Here are half a dozen or more equally likely scenarios...

1. When Isaac Newton was sitting under an apple tree and an apple fell on his head, he stared at it and thought to himself: "How extraordinary! Apples are falling out of trees the whole time, and people are walking or sitting under apple trees the whole time, but this is the first time an apple has ever fallen on my head! Nor have I ever heard of an apple falling on anyone else's head! What are the odds against that...?" And so he started investigating the laws of chance and probability, and went on to make a fortune at horse-racing, and that is why Newton is called "the Father of English Gambling".

2. When the apple fell on Newton's head, it occurred to him that an apple is nothing but a vehicle for apple pips, and that every time an apple falls, the tree is hoping it will become its offspring. But then Newton reflected that to say that "a tree is hoping" is to lend a tree human characteristics it does not possess, which is unscientific. After many years of research into this, he became known as the Discoverer of Anthropomorphism.

3. Picking up the red apple and glancing into the tree where many more were waiting to fall, Newton reflected that in France the grape becomes wine and in Russia the potato becomes vodka, but the English apple lies neglected. Surely the apple had a better fate! Excited by the thought, Newton sprang into action and that is why he is now remembered as "The Father of English Cider-making".
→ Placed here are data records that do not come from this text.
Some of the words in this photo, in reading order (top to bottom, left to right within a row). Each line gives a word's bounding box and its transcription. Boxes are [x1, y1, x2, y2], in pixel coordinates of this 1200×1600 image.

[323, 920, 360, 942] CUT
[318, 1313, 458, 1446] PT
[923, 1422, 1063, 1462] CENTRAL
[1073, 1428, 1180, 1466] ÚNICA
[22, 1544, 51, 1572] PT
4. If, thought Newton, the apple is the bearer of the seeds of next generation's apple trees, then it is an very inefficient way of spreading the seeds. All apples fall under the tree they came from. The new tree will then grow under the old tree. How much more efficient to make sure the apple pips travel further, as sycamore seeds do when they fly.

Perhaps the answer was to have orchards on hillsides, so that apples roll away from their parents... And so it is that Newton is remembered, if he is remembered at all, as the inventor of that short-lived fashion, the sloping orchard.
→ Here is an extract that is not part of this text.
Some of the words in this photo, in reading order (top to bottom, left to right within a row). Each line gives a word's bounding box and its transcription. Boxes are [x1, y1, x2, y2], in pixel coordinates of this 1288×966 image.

5. When the apple fell on Newton's head, it hurt. Yet it is so small, he thought, and so light. Though if it had fallen from a hundred feet, it might well have killed him ... Newton immediately did a few rough calculations to show that a falling object increases in velocity and weight. And so it was that Newton invented a humane way of executing criminals by dropping a weight on them from a great height, only it never caught on because it needed such extreme accuracy, and once it missed the criminal and hit the clergyman standing by. Newton became known as the priest-killer and was much mortified.

6. After the apple had fallen on Newton's head, and he had rubbed the spot where it had landed, he realised his head still hurt. "Curious," he thought, "that pain should last long after the thing that has caused the pain has gone. How can we explain the persistence of pain?" And thus started the train of thought which led to Newton's discovery of the central nervous system.
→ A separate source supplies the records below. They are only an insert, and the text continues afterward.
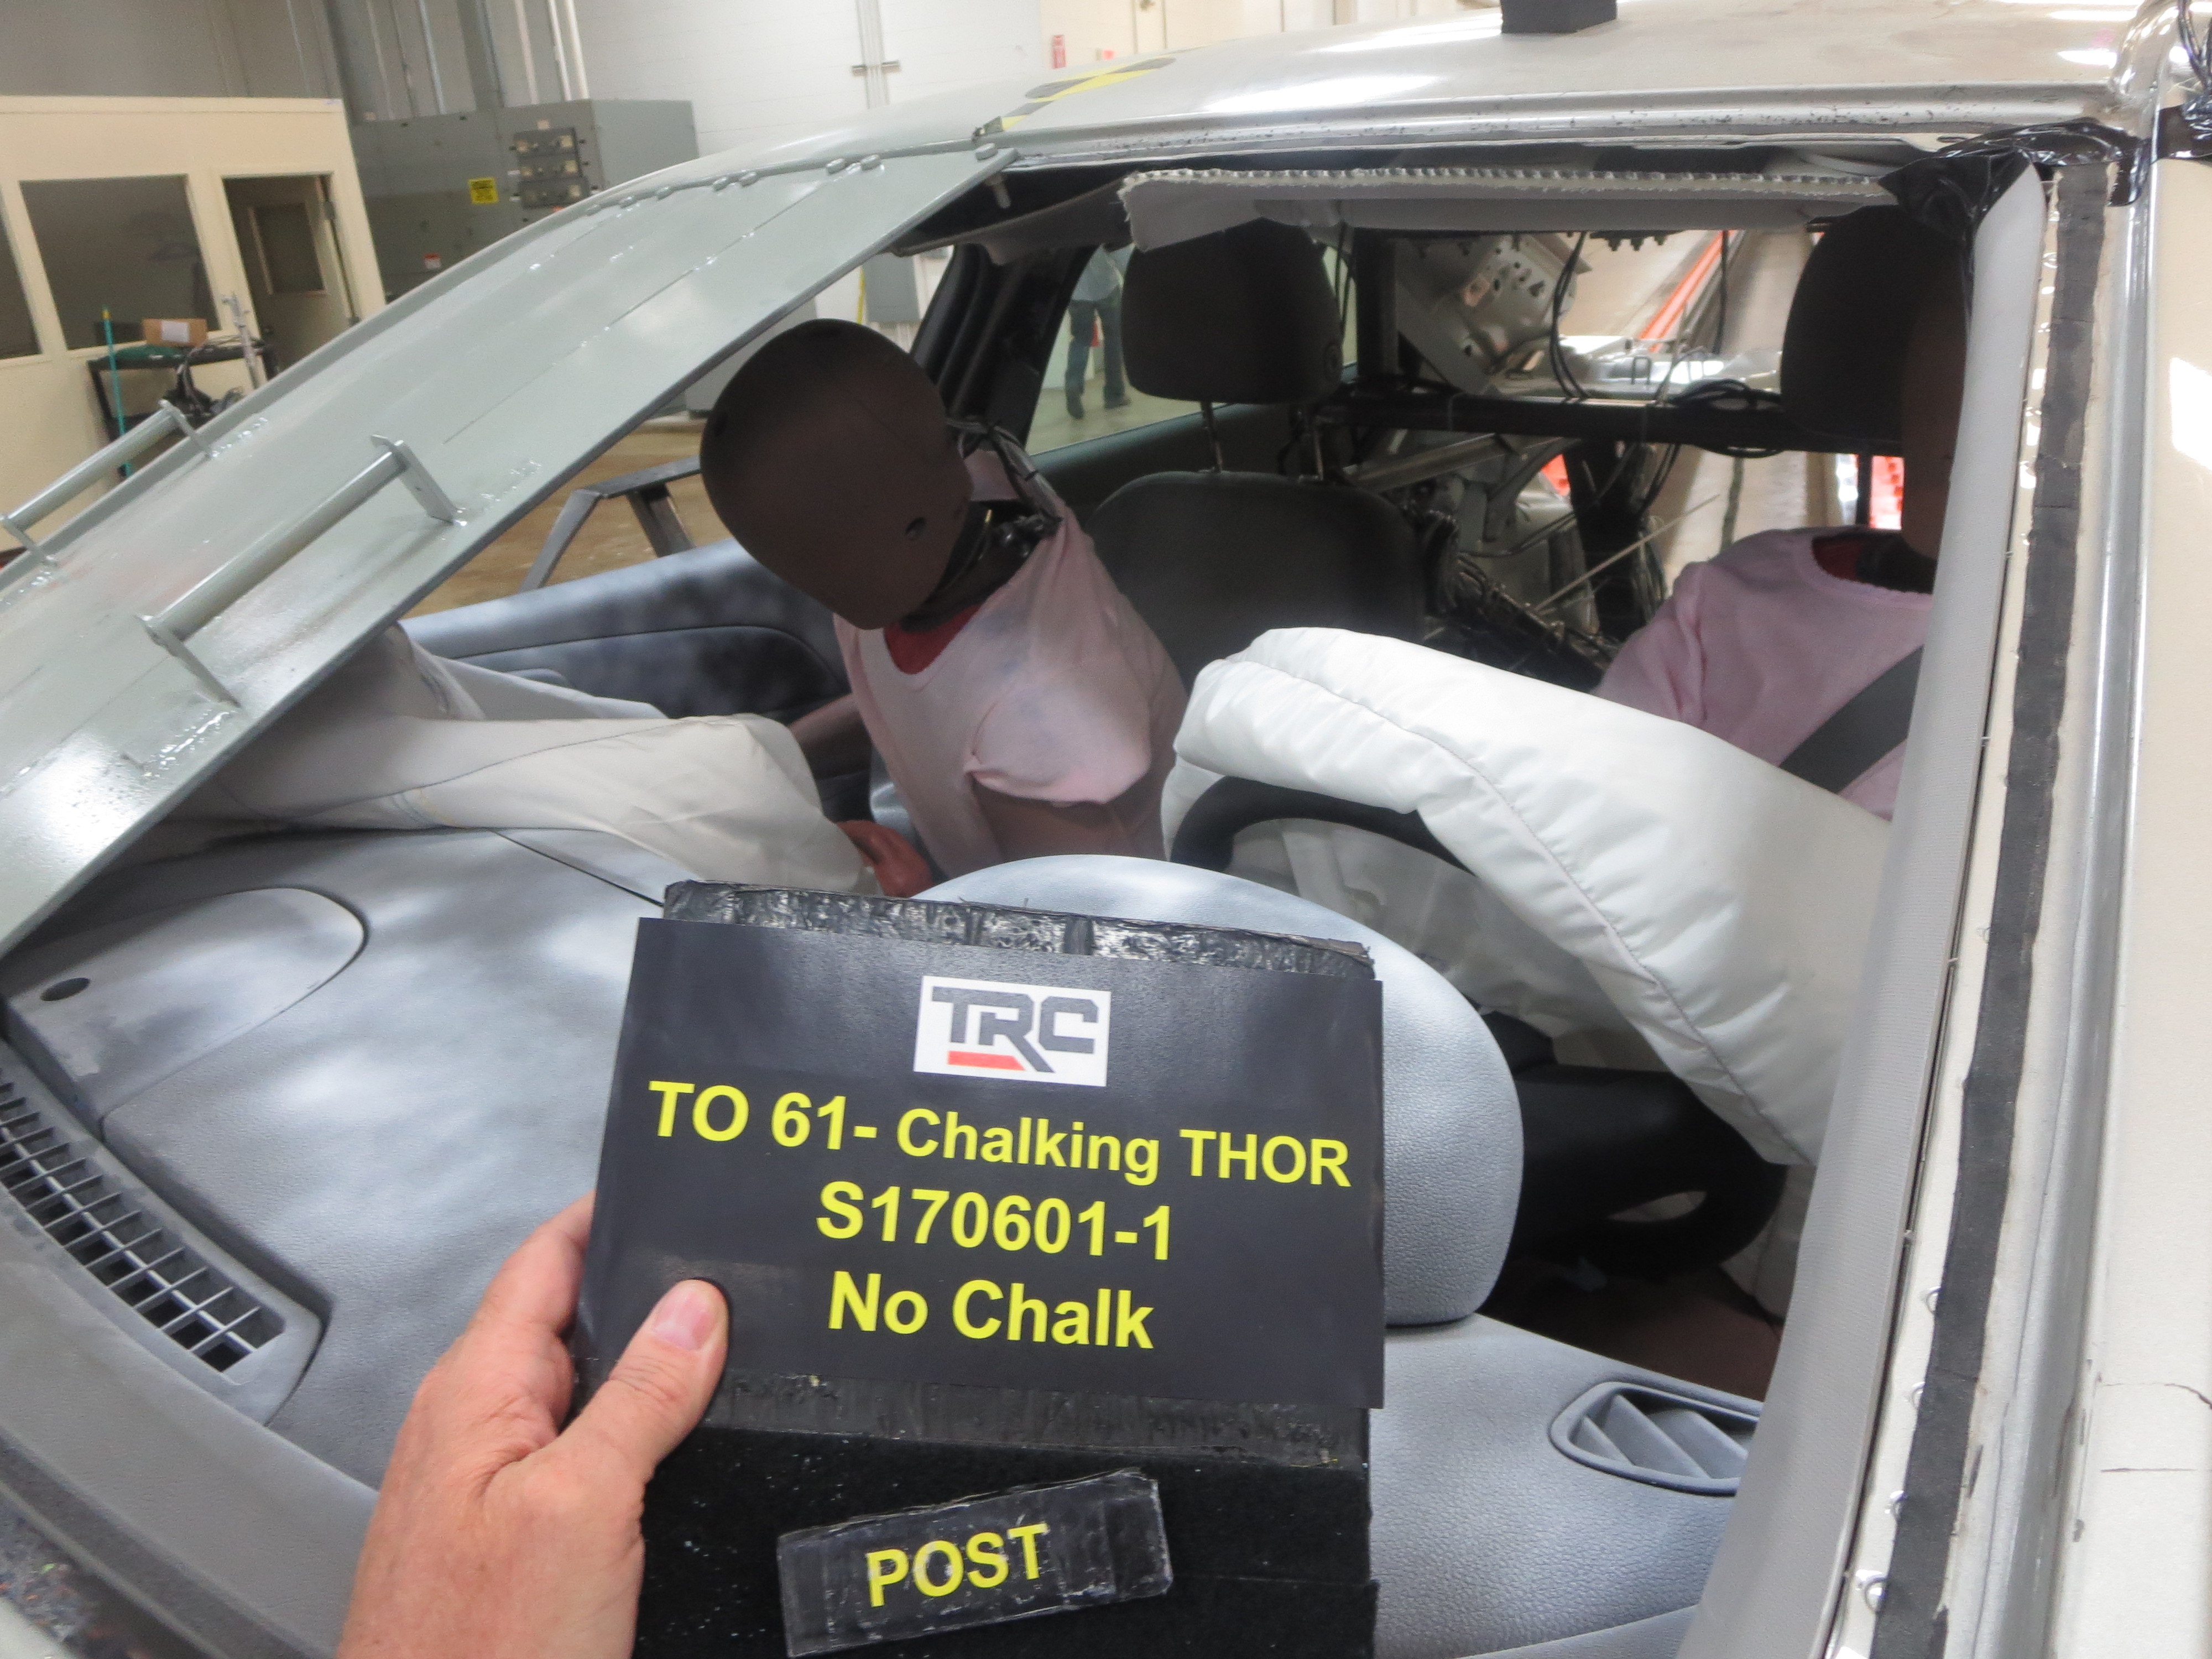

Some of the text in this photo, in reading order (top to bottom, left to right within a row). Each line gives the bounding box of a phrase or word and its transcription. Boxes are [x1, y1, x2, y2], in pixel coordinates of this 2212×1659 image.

[931, 985, 1099, 1073] TRC
[648, 1081, 1351, 1187] TO 61- Chalking THOR
[816, 1181, 1170, 1260] S170601-1
[828, 1270, 1154, 1349] No Chalk
[867, 1524, 1047, 1607] POST
7. When the apple fell, Newton picked it up and ate it, but it was sour. And yet, thought Newton, if it were not ripe it would not have fallen from the tree. How can an apple be ripe and still be sour? After much thought, Newton decided there were two kinds of apple, the eating apple and the cooker, and it is for this classification that he is still known.

8. When Newton was sitting in the garden and the apple fell on him, he instinctively looked around for a serpent, but there was none to be seen. Still, there was no point in taking chances, so he left it untouched where it was.